Tou Jin-Fa, Feng Ci-Yuan, Xu Bin, Ye Jing-Jing
Department of Neonatal Surgery, Children's Hospital of Zhejiang University School of Medicine, Hangzhou 310052, China.
Zhongguo Dang Dai Er Ke Za Zhi. 2025 Aug 15;27(8):1022-1026. doi: 10.7499/j.issn.1008-8830.2502010.

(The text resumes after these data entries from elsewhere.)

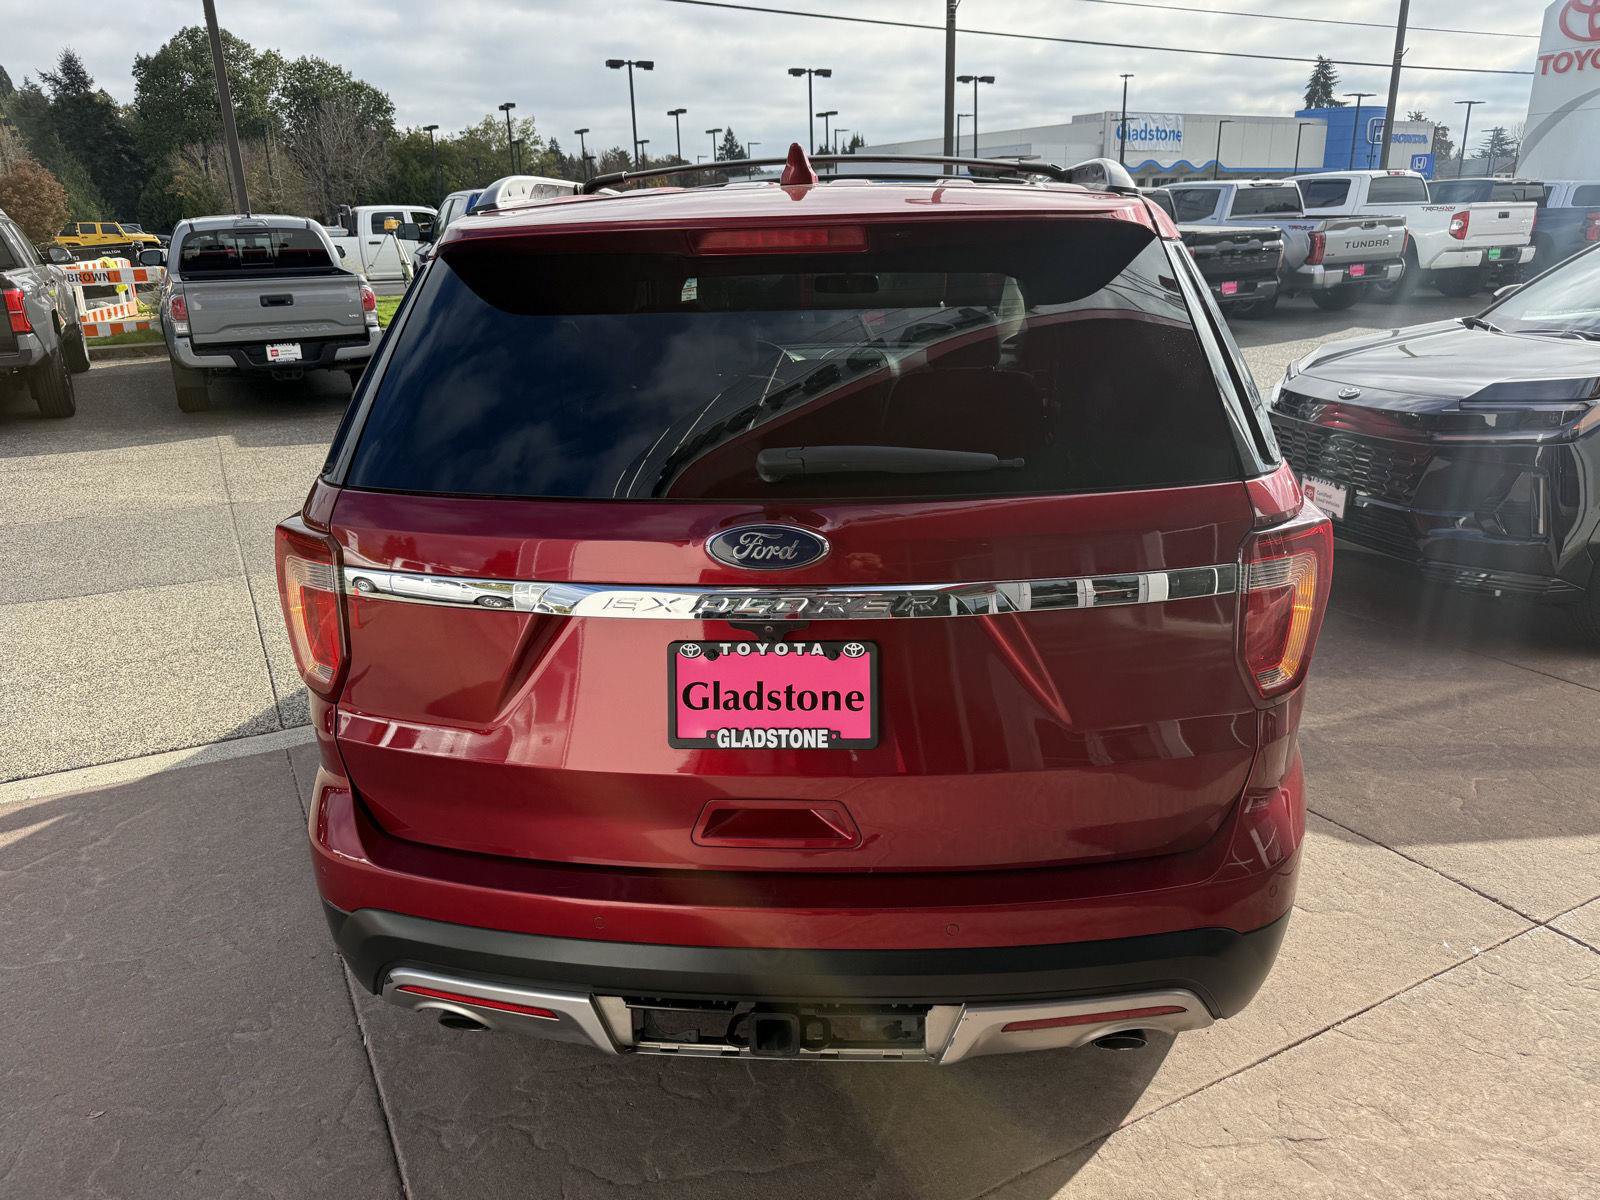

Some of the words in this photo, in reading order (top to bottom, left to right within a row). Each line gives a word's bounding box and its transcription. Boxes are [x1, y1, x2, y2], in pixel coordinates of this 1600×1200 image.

[1345, 239, 1390, 249] TUNDRA
[67, 271, 110, 283] BROWN
[732, 532, 799, 560] Ford
[602, 596, 938, 613] EXPLORER
[719, 642, 824, 656] TOYOTA
[682, 681, 865, 712] Gladstone
[716, 729, 829, 749] GLADSTONE

This paper reports the case of a 10-month-old male infant with Beckwith-Wiedemann syndrome (BWS) who presented with a reducible right inguinal mass and an empty scrotum for 10 months and was admitted for elective surgery. Preoperative ultrasonography revealed a right adrenal mass, which was pathologically diagnosed as ganglioneuroblastoma (GNB) after surgical excision. The patient exhibited characteristic features of BWS, including omphalocele, flame-shaped nevus on the forehead, bilateral earlobe creases, and embryonal tumor. Next-generation sequencing identified a heterozygous mutation in the gene (chr11:2905365), confirming the diagnosis of BWS. Early diagnosis, standardized management, and tumor surveillance are crucial for improving prognosis in children with BWS. Ultrasonography enables early detection of tumors and informs clinical decision-making regarding intervention.

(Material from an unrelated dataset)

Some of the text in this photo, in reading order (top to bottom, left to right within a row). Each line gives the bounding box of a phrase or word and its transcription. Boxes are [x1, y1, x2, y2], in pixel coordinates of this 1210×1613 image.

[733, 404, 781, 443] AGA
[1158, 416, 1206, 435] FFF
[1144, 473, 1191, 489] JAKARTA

本文报告了一例10个月大的患有贝克威思-维德曼综合征(BWS)的男婴,该患儿右侧腹股沟可复性肿块及阴囊空虚10个月,因择期手术入院。术前超声检查发现右侧肾上腺肿块,手术切除后经病理诊断为神经节神经母细胞瘤(GNB)。该患者表现出BWS的特征性表现,包括脐膨出、前额火焰状痣、双侧耳垂皱折和胚胎性肿瘤。二代测序在该基因(chr11:2905365)中鉴定出一个杂合突变,证实了BWS的诊断。早期诊断、规范化管理和肿瘤监测对于改善BWS患儿的预后至关重要。超声检查能够早期发现肿瘤,并为干预的临床决策提供依据。